» **Action item**: The job is to find each line of the records below that includes the word "Charcoal" and copy it.
################
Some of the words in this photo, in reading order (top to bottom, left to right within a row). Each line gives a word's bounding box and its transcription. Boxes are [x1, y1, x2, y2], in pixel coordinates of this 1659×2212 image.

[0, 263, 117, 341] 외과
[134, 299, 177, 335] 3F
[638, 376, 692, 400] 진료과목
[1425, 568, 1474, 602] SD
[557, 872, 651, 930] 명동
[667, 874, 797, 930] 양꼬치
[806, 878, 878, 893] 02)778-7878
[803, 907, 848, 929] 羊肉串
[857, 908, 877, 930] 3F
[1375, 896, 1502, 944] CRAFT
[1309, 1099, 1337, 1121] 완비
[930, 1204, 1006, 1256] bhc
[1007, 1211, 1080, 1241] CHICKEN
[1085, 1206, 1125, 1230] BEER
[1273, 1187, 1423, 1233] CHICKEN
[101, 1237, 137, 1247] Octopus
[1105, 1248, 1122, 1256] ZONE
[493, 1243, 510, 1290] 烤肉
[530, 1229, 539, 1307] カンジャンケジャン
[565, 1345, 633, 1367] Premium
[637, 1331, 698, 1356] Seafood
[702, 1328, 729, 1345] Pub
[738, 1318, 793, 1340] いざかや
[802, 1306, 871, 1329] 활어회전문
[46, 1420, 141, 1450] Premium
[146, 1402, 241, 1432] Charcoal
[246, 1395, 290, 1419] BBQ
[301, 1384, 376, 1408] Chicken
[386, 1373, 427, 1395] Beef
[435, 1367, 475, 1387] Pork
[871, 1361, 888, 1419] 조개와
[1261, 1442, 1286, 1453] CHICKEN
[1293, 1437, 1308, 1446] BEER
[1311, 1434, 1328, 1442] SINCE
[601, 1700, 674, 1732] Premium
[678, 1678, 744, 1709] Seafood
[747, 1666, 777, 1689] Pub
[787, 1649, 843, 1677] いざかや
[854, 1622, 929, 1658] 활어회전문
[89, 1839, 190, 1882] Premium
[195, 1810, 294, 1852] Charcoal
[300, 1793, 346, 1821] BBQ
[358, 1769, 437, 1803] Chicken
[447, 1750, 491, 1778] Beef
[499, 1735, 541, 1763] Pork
################
» **Answer to the problem**:
[146, 1402, 241, 1432] Charcoal
[195, 1810, 294, 1852] Charcoal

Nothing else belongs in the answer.